To calculate the number of moles of particles of any substance, you must divide the mass of the substance by its relative mass.

Determine the moles of water in 1.8g

The relative mass of water = 18

The mass of 1 mol of water = 18g

In 1.8 g of water there are 1.8/18 mol = 0.1 mol of water molecules.

Test yourself on moles


Summary

  • The relative mass system allows us to express the small masses of atoms, molecules and ions as numbers relative to the mass of one carbon-12 atom
  • The mole is the number of carbon-12 atoms in 12g of carbon.
  • The mass of 1 mole of any substance is equal to the relative mass in grams.
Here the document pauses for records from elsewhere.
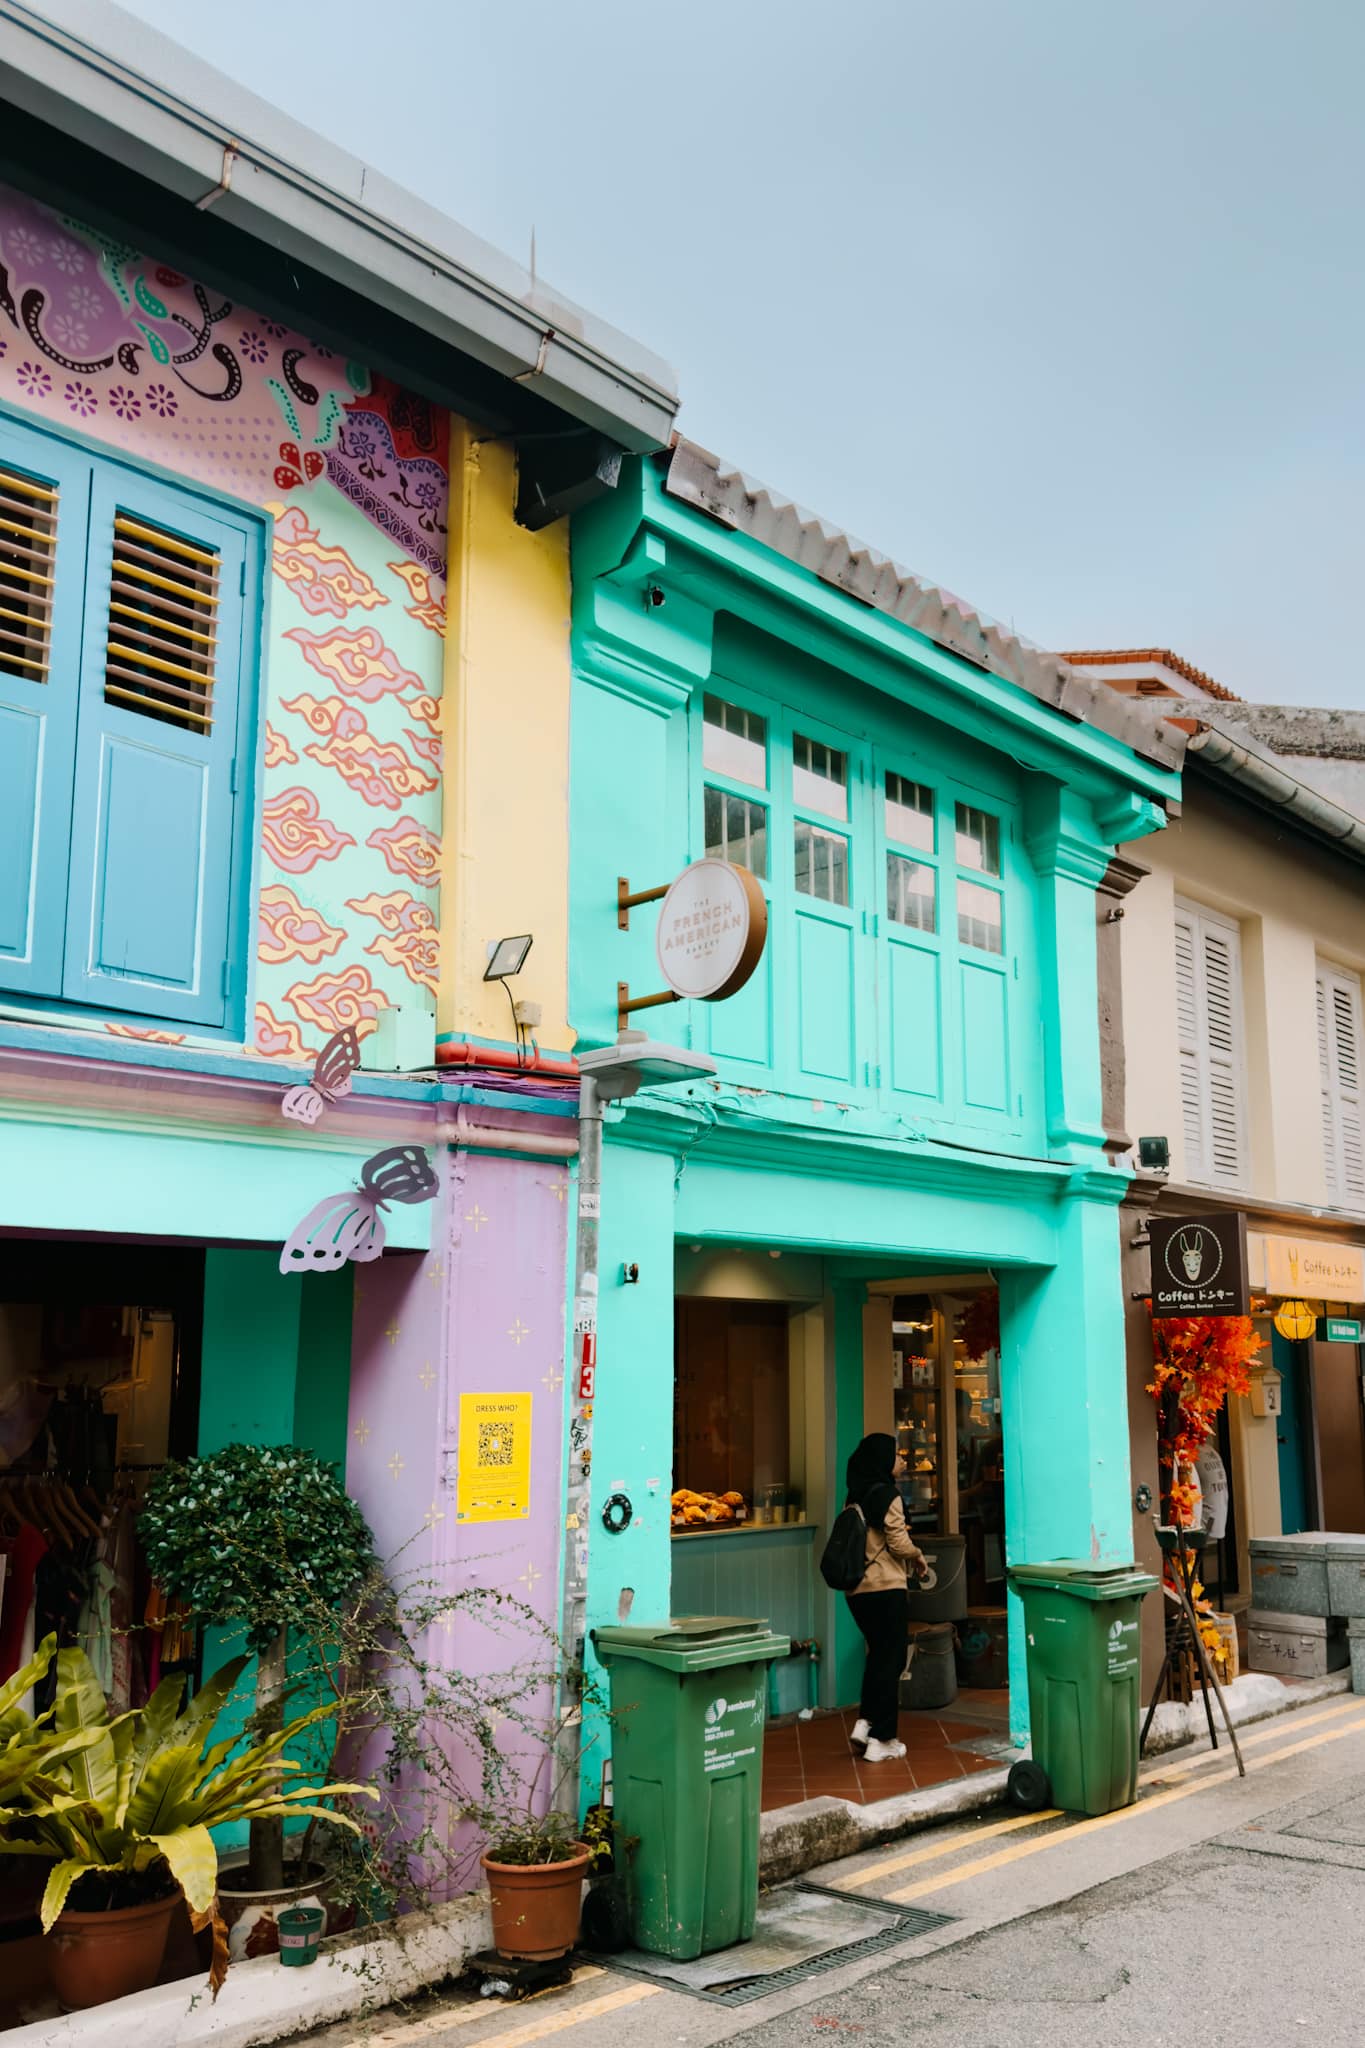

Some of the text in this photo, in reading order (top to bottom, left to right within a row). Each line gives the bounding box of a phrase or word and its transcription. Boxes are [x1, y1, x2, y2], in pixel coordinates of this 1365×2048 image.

[673, 903, 732, 932] FRENCH
[665, 914, 741, 951] AMERICAN
[1304, 1259, 1331, 1276] Coffee
[1158, 1290, 1195, 1302] Coffee
[475, 1405, 497, 1413] DRESS
C1.4 — Solution concentration & molarity

Solution concentration

A solution is formed when a solute is dissolved in a solvent. In practical terms this almost always involves a solid solute and water as the solvent.

Solution concentration is defined by the amount of solute dissolved in a certain volume of solution.
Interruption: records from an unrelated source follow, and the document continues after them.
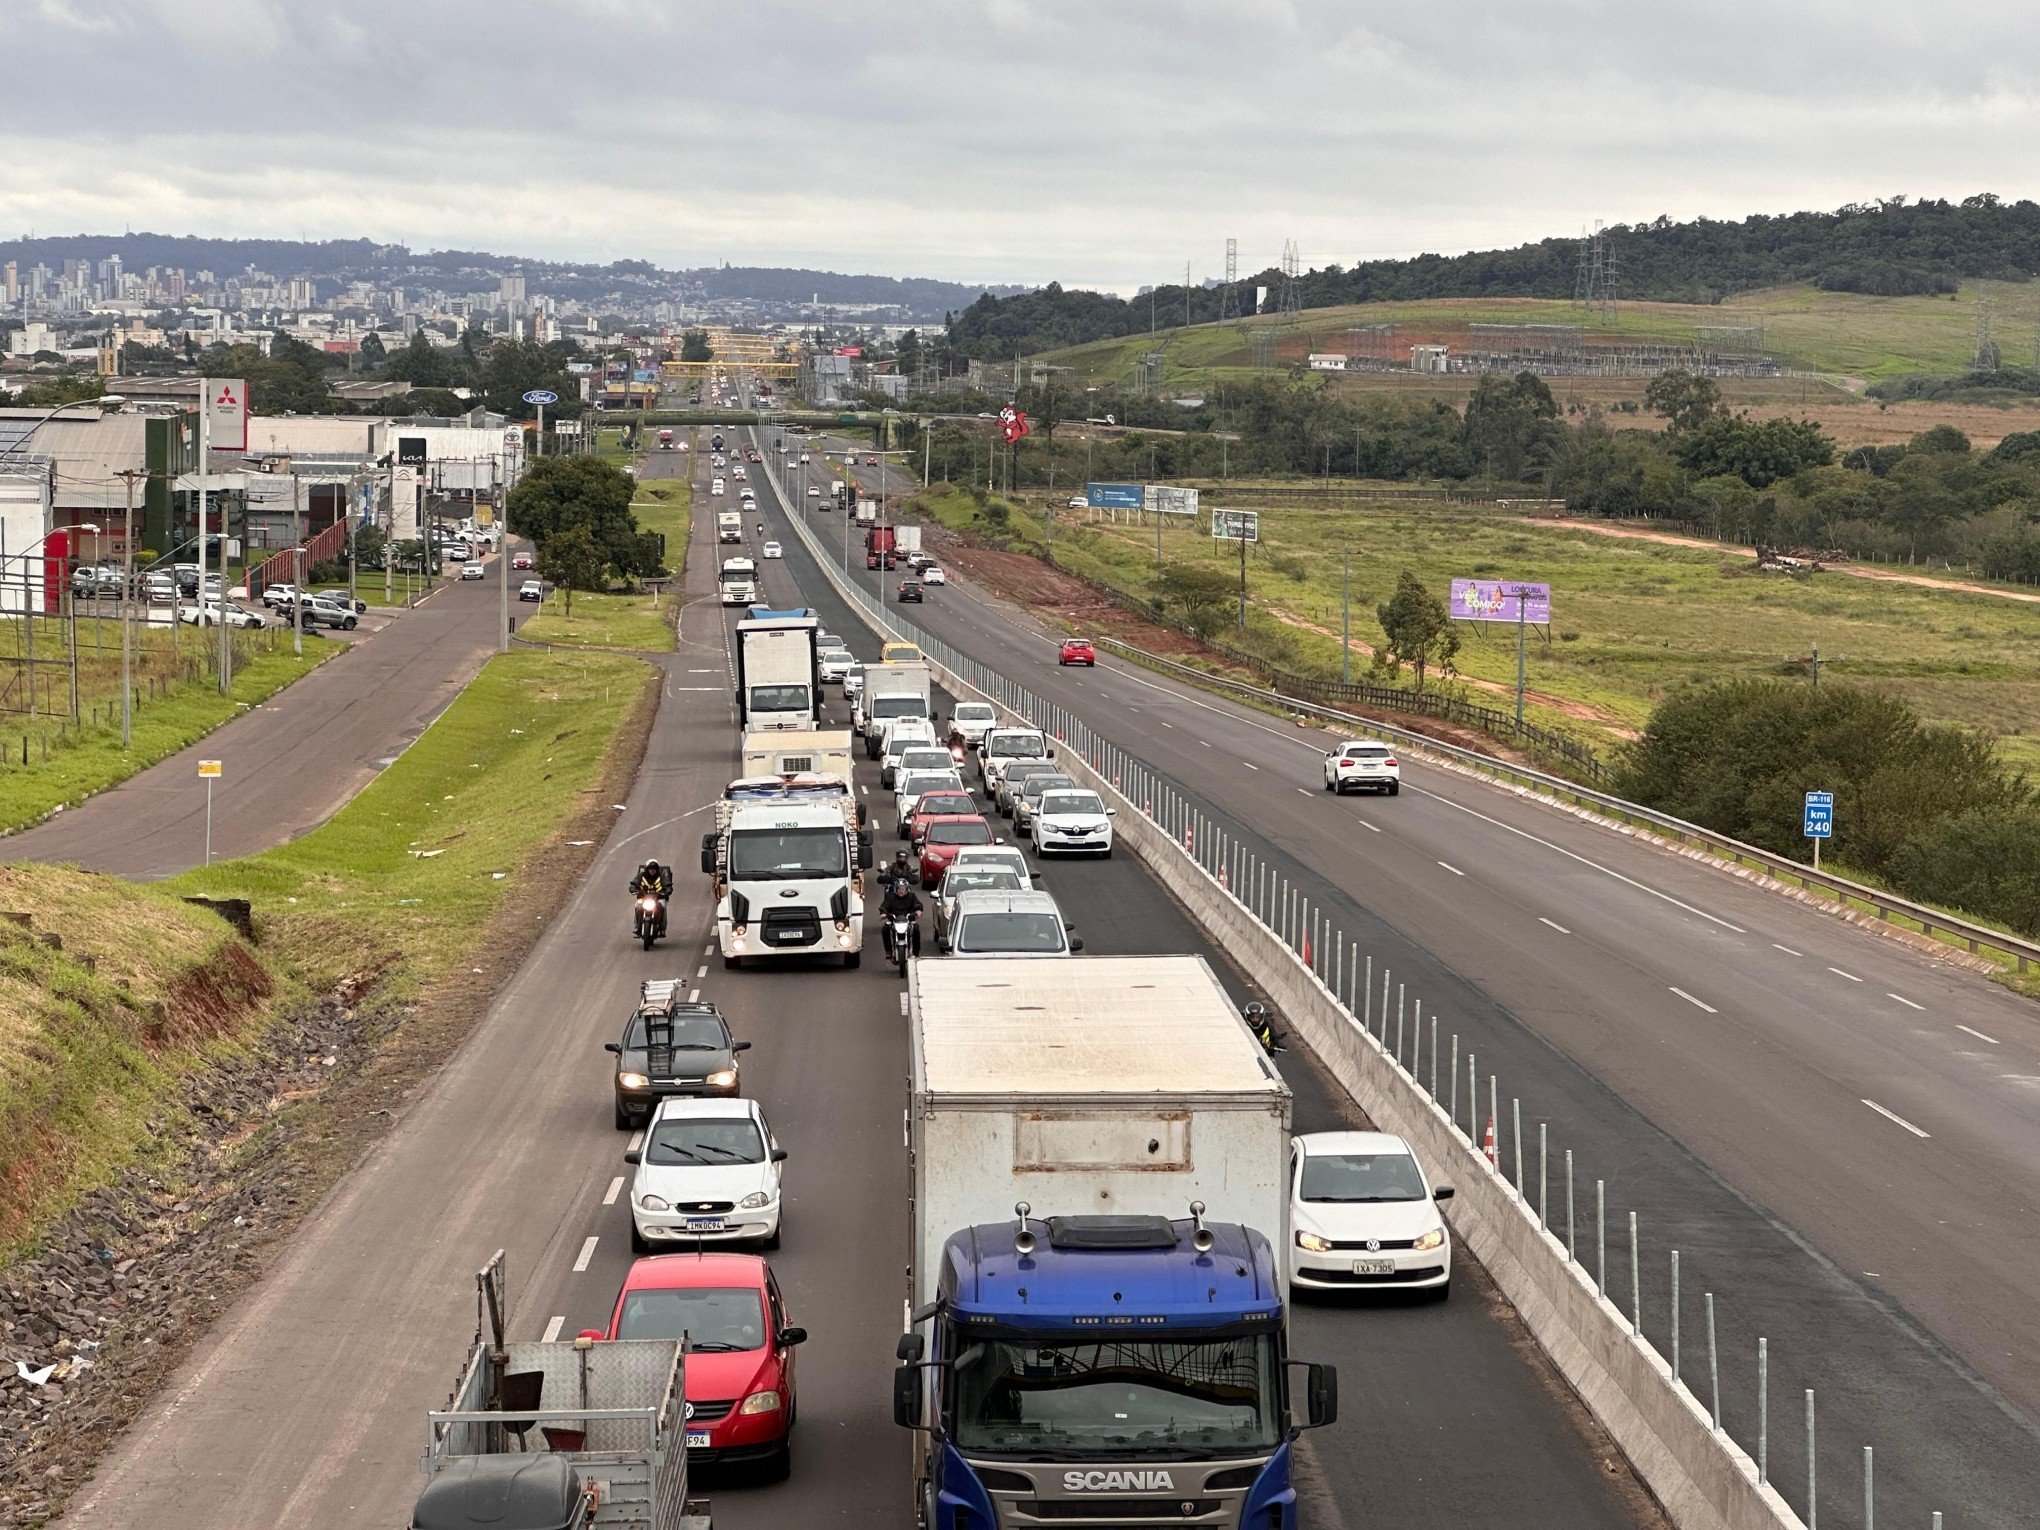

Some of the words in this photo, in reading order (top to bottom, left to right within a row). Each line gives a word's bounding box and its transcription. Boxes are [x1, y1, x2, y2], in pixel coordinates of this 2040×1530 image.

[529, 392, 551, 402] Ford
[1466, 600, 1505, 609] COMIGO!
[1811, 810, 1826, 819] km
[1807, 822, 1829, 832] 240
[1063, 1471, 1175, 1490] SCANIA
It may be measured in grams/100cm3, grams per litre, or some other measure of mass and volume.

However, as we now know that the numbers of particles of any substance can be calculated using the mole concept, it makes sense to measure solution concentrations in moles per litre, mol dm-3. This is called the solution's molarity. Molarity is always measured in mol dm-3

This just requires one more step in the solution calculation.


Student activity

Apparatus and chemicals

  • Analytical/bench balance (±0.01 g); weighing boat/spatula; 100.0 cm3 volumetric flask + funnel; beaker; wash bottle; chosen solute.

Safety

  • Avoid spills; clean bench; dry glassware; label all solutions clearly.

Core procedure

  • You are required to prepare 100cm3 of 0.1 mol dm-3 copper(II) sulfate solution.
  • Calculate required mass for target molarity and volume.
  • Weigh solute; dissolve; transfer quantitatively; make to the mark; invert to mix thoroughly.
  • Label with substance, concentration, date, initials.

Determine the uncertainty in your solution concentration by calculating the inaccuracy percentage at each step of the preparation.

How could you determine the actual concentration of the prepared solution?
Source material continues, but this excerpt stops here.